DATA PROVIDED:
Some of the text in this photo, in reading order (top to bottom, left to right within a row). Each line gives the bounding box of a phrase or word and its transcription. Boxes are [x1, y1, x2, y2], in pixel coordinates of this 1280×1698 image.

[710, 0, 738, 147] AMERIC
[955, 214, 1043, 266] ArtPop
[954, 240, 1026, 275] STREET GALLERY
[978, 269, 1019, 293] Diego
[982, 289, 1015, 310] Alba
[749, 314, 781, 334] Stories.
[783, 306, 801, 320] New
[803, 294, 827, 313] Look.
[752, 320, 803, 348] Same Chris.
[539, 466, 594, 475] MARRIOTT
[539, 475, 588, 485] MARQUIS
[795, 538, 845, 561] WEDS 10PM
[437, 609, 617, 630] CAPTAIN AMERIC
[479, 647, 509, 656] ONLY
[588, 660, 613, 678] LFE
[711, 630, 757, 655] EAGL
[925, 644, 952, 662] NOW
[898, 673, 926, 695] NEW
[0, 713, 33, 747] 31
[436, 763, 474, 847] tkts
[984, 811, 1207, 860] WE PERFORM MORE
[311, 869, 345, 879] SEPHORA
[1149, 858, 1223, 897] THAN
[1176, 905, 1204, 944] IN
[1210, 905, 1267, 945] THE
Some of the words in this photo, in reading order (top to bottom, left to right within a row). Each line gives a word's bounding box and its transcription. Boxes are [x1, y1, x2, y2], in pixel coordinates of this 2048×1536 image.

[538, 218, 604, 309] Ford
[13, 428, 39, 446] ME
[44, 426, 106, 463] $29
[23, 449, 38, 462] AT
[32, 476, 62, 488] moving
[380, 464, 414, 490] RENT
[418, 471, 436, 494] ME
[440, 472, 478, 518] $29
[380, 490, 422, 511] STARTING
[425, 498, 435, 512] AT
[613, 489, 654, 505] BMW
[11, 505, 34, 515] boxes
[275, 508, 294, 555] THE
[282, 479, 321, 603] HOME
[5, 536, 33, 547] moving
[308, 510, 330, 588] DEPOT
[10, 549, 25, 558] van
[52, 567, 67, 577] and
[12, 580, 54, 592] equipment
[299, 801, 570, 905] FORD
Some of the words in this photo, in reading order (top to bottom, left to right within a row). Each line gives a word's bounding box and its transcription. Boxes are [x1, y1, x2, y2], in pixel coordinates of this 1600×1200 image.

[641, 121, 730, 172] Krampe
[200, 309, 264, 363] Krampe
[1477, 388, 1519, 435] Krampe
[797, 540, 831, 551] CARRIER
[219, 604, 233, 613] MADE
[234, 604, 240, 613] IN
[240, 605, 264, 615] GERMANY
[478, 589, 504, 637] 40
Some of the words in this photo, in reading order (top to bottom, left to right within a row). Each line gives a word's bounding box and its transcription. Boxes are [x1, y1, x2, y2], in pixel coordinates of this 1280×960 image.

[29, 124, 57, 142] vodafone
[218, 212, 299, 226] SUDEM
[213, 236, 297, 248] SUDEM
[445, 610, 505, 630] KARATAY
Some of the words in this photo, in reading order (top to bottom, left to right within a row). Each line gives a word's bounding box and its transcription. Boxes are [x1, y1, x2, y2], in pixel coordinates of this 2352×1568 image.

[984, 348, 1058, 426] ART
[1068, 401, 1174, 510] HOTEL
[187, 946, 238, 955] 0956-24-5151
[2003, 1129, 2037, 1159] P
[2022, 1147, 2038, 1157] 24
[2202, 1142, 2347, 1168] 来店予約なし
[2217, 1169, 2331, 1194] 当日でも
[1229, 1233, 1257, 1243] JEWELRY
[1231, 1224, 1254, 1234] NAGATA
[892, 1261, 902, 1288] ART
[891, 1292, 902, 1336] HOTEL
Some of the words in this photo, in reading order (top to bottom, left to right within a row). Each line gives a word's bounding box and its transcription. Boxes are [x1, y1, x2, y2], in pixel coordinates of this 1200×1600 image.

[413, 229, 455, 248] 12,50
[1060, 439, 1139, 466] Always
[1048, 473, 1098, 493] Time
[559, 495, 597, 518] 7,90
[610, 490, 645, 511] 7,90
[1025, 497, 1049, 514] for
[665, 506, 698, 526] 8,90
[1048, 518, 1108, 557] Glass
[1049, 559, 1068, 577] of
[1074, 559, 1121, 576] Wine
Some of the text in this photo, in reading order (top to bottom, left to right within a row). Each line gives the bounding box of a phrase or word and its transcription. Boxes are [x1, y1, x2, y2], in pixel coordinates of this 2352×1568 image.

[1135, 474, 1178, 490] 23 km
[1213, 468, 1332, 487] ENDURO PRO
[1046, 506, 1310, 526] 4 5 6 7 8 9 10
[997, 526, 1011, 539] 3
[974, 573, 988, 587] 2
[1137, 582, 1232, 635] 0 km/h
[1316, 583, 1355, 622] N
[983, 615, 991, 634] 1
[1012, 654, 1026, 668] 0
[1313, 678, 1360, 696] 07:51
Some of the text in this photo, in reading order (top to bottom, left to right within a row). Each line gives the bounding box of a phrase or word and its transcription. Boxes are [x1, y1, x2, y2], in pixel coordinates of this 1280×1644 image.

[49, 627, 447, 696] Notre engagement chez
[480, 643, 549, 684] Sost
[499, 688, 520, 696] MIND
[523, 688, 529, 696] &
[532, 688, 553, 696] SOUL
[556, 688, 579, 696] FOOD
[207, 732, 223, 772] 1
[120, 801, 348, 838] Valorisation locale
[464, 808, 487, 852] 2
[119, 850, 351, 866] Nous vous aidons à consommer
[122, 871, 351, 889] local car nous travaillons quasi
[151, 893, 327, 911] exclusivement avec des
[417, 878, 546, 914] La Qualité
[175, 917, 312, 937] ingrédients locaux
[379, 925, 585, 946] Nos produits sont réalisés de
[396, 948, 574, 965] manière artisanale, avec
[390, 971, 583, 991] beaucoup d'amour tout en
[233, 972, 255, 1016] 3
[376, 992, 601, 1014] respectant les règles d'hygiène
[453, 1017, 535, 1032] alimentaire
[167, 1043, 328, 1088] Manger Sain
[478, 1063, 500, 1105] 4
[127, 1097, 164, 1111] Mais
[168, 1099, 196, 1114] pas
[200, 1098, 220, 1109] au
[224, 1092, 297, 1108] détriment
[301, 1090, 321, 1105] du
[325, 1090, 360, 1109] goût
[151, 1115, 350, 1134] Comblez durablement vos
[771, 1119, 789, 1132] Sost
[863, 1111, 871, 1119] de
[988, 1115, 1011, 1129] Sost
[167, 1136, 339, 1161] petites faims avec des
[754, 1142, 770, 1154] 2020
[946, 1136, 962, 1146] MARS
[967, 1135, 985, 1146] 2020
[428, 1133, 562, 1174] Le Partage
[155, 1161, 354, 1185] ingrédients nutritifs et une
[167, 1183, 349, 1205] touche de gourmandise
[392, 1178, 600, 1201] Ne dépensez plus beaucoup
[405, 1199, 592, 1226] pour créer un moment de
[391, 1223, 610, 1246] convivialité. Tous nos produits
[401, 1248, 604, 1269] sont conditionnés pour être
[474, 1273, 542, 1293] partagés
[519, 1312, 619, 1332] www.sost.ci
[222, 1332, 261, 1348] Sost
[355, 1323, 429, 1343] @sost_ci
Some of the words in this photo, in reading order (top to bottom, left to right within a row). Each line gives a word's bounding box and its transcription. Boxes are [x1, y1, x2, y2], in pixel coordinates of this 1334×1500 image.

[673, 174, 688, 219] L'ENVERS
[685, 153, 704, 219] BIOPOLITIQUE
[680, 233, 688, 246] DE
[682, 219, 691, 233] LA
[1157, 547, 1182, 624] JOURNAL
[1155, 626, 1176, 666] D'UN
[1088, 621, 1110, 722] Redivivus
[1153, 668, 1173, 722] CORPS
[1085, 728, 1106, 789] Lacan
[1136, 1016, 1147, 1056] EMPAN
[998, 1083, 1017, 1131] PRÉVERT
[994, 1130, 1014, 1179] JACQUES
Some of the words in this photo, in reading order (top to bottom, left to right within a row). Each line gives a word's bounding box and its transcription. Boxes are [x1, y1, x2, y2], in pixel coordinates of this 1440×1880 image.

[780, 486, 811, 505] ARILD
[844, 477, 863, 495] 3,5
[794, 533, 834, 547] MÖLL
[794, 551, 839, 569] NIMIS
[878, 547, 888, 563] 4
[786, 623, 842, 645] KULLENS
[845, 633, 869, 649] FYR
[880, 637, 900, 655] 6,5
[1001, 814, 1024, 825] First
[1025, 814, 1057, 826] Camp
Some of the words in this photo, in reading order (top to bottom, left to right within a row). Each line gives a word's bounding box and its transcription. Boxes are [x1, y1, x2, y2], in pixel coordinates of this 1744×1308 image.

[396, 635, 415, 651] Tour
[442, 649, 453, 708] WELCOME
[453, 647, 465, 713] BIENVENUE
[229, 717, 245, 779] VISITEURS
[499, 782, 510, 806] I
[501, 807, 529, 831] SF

TASK TO CARRY OUT:
Each line from the one containing "this 1744×1308 image." through the end of the entries, both included, is to be returned exactly, with no other lines.

OUTPUT OF THE EXERCISE:
Some of the words in this photo, in reading order (top to bottom, left to right within a row). Each line gives a word's bounding box and its transcription. Boxes are [x1, y1, x2, y2], in pixel coordinates of this 1744×1308 image.

[396, 635, 415, 651] Tour
[442, 649, 453, 708] WELCOME
[453, 647, 465, 713] BIENVENUE
[229, 717, 245, 779] VISITEURS
[499, 782, 510, 806] I
[501, 807, 529, 831] SF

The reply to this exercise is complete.